▶ **WORK TASK**:
Please reproduce the listing in full, exactly as given.

· · · · · · ·

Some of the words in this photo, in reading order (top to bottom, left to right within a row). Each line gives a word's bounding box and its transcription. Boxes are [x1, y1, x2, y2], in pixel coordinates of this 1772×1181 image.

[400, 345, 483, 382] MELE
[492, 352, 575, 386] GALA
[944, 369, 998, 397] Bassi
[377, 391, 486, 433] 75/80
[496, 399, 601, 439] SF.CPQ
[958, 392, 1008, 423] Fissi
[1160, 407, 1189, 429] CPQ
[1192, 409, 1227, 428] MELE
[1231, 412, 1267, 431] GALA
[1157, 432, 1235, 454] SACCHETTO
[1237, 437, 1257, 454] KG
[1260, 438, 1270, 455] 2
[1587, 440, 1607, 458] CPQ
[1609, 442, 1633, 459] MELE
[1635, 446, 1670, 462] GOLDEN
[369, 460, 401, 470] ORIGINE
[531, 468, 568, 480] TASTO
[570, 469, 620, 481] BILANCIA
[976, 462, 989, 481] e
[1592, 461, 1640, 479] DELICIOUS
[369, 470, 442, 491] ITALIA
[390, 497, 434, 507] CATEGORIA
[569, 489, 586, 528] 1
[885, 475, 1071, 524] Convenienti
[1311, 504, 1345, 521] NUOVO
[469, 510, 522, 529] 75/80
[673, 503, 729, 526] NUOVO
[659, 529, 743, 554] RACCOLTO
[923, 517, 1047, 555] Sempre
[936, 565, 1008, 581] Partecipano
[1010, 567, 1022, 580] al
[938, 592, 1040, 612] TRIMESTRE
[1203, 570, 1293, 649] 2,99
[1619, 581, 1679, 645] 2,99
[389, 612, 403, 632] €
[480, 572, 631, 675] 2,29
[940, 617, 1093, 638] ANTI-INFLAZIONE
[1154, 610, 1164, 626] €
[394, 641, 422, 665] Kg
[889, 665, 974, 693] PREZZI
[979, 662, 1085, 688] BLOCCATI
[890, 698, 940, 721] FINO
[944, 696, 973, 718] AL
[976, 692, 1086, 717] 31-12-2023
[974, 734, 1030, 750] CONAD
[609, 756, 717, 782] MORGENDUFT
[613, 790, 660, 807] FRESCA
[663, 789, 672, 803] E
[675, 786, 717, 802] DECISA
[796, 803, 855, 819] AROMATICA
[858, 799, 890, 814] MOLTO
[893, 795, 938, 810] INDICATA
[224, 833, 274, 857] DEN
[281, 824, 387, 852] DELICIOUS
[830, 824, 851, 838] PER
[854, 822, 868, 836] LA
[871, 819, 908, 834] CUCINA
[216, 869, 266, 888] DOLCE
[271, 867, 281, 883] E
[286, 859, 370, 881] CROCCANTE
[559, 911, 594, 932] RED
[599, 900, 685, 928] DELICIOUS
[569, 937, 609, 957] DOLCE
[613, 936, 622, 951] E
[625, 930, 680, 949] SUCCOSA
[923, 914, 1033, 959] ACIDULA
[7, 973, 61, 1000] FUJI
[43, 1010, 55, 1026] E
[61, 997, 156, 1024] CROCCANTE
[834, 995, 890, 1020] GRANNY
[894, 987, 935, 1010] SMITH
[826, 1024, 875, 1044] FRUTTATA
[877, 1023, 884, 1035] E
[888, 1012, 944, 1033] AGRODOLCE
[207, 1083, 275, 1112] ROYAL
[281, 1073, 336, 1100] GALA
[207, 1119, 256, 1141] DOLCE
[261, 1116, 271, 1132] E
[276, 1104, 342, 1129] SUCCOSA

· · · · · · ·

▶ **WORKED SOLUTION**:
Some of the words in this photo, in reading order (top to bottom, left to right within a row). Each line gives a word's bounding box and its transcription. Boxes are [x1, y1, x2, y2], in pixel coordinates of this 1772×1181 image.

[400, 345, 483, 382] MELE
[492, 352, 575, 386] GALA
[944, 369, 998, 397] Bassi
[377, 391, 486, 433] 75/80
[496, 399, 601, 439] SF.CPQ
[958, 392, 1008, 423] Fissi
[1160, 407, 1189, 429] CPQ
[1192, 409, 1227, 428] MELE
[1231, 412, 1267, 431] GALA
[1157, 432, 1235, 454] SACCHETTO
[1237, 437, 1257, 454] KG
[1260, 438, 1270, 455] 2
[1587, 440, 1607, 458] CPQ
[1609, 442, 1633, 459] MELE
[1635, 446, 1670, 462] GOLDEN
[369, 460, 401, 470] ORIGINE
[531, 468, 568, 480] TASTO
[570, 469, 620, 481] BILANCIA
[976, 462, 989, 481] e
[1592, 461, 1640, 479] DELICIOUS
[369, 470, 442, 491] ITALIA
[390, 497, 434, 507] CATEGORIA
[569, 489, 586, 528] 1
[885, 475, 1071, 524] Convenienti
[1311, 504, 1345, 521] NUOVO
[469, 510, 522, 529] 75/80
[673, 503, 729, 526] NUOVO
[659, 529, 743, 554] RACCOLTO
[923, 517, 1047, 555] Sempre
[936, 565, 1008, 581] Partecipano
[1010, 567, 1022, 580] al
[938, 592, 1040, 612] TRIMESTRE
[1203, 570, 1293, 649] 2,99
[1619, 581, 1679, 645] 2,99
[389, 612, 403, 632] €
[480, 572, 631, 675] 2,29
[940, 617, 1093, 638] ANTI-INFLAZIONE
[1154, 610, 1164, 626] €
[394, 641, 422, 665] Kg
[889, 665, 974, 693] PREZZI
[979, 662, 1085, 688] BLOCCATI
[890, 698, 940, 721] FINO
[944, 696, 973, 718] AL
[976, 692, 1086, 717] 31-12-2023
[974, 734, 1030, 750] CONAD
[609, 756, 717, 782] MORGENDUFT
[613, 790, 660, 807] FRESCA
[663, 789, 672, 803] E
[675, 786, 717, 802] DECISA
[796, 803, 855, 819] AROMATICA
[858, 799, 890, 814] MOLTO
[893, 795, 938, 810] INDICATA
[224, 833, 274, 857] DEN
[281, 824, 387, 852] DELICIOUS
[830, 824, 851, 838] PER
[854, 822, 868, 836] LA
[871, 819, 908, 834] CUCINA
[216, 869, 266, 888] DOLCE
[271, 867, 281, 883] E
[286, 859, 370, 881] CROCCANTE
[559, 911, 594, 932] RED
[599, 900, 685, 928] DELICIOUS
[569, 937, 609, 957] DOLCE
[613, 936, 622, 951] E
[625, 930, 680, 949] SUCCOSA
[923, 914, 1033, 959] ACIDULA
[7, 973, 61, 1000] FUJI
[43, 1010, 55, 1026] E
[61, 997, 156, 1024] CROCCANTE
[834, 995, 890, 1020] GRANNY
[894, 987, 935, 1010] SMITH
[826, 1024, 875, 1044] FRUTTATA
[877, 1023, 884, 1035] E
[888, 1012, 944, 1033] AGRODOLCE
[207, 1083, 275, 1112] ROYAL
[281, 1073, 336, 1100] GALA
[207, 1119, 256, 1141] DOLCE
[261, 1116, 271, 1132] E
[276, 1104, 342, 1129] SUCCOSA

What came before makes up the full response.